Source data
......
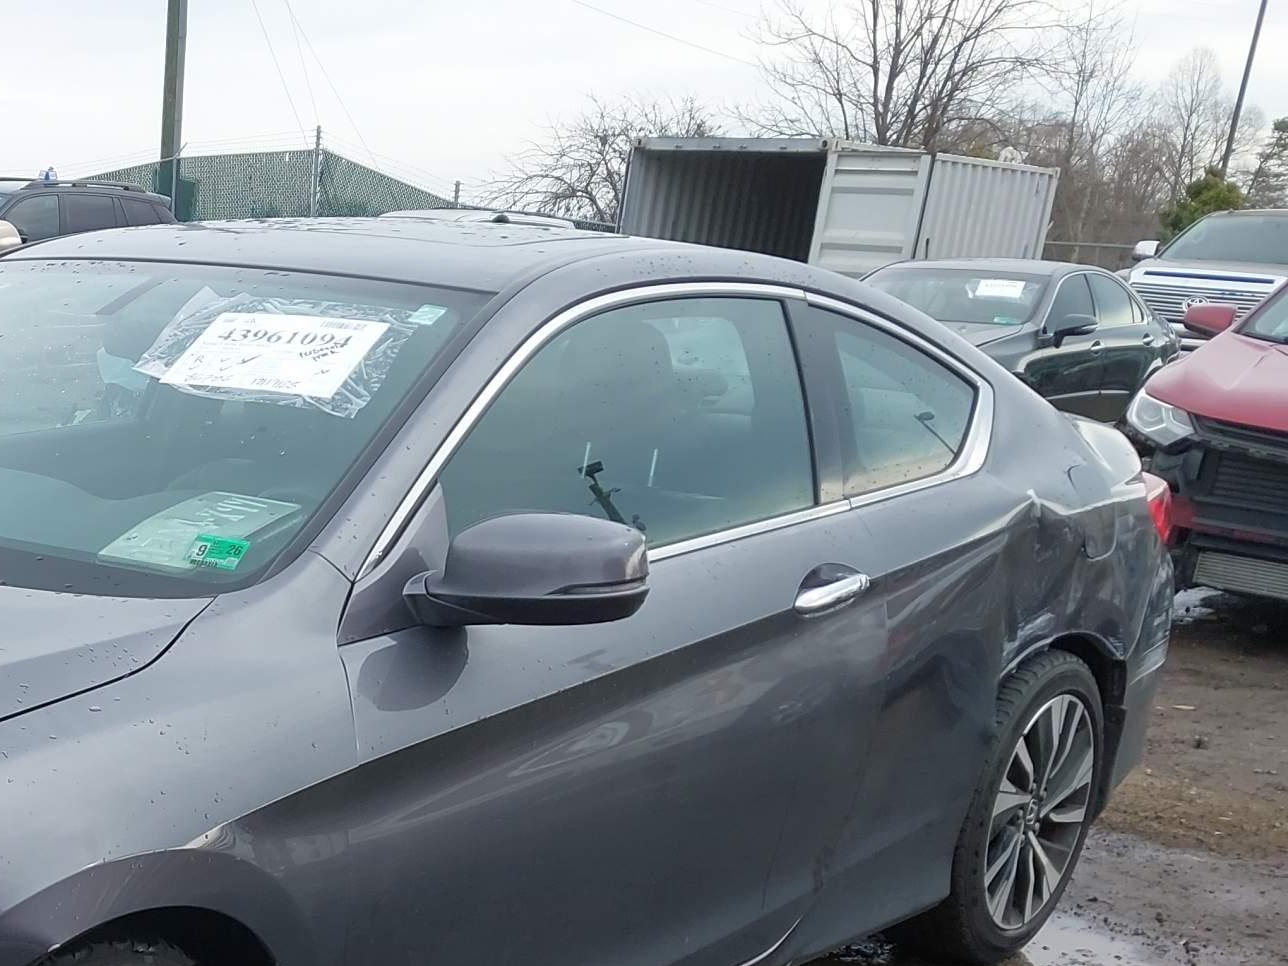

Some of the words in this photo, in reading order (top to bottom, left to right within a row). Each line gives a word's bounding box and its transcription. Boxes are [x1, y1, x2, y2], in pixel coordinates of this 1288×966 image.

[217, 327, 353, 347] 43961094
[196, 544, 208, 556] 9
[225, 544, 244, 556] 26
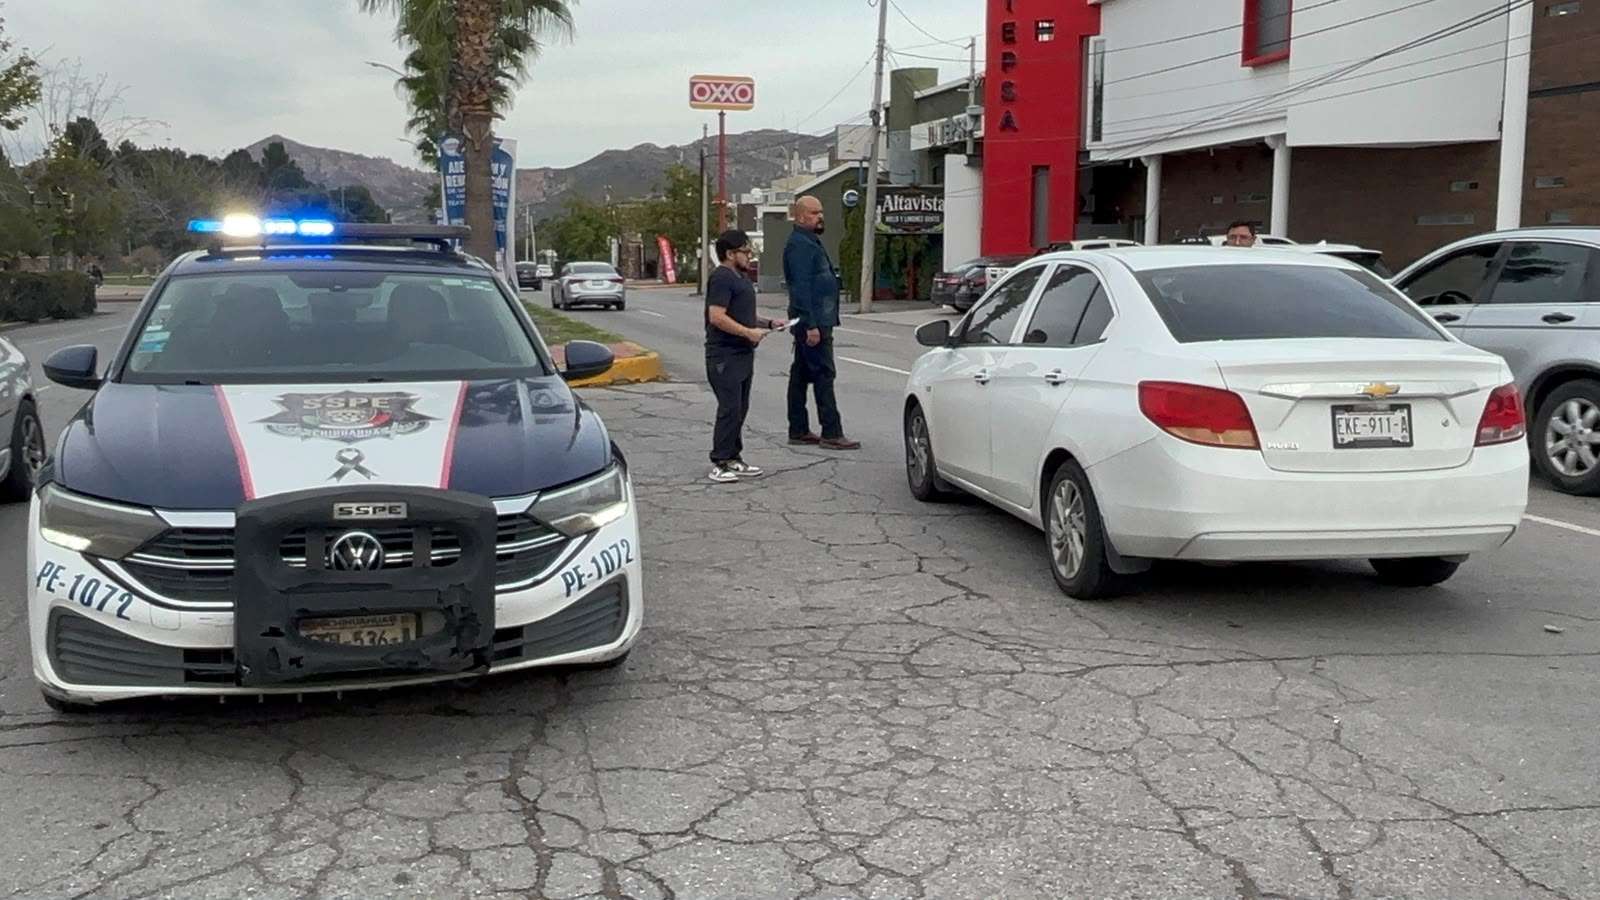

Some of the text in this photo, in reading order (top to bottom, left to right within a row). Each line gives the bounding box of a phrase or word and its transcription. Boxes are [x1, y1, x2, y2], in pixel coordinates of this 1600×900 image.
......
WHAT THIS TASK INVOLVES. Make an exact copy of the records above. Keep out every picture.

RESPONSE AREA.
Some of the words in this photo, in reading order (top to bottom, left to right within a row). Each line gives a word's bounding box and its transcription. Boxes are [x1, y1, x2, y2], in pixel coordinates of this 1288×966 image.

[217, 327, 353, 347] 43961094
[196, 544, 208, 556] 9
[225, 544, 244, 556] 26

Some of the text in this photo, in reading order (top to bottom, left to right within a row). Each line gives the bounding box of a phrase or word and its transcription. Boxes are [x1, y1, x2, y2], in pixel coordinates of this 1600×900 image.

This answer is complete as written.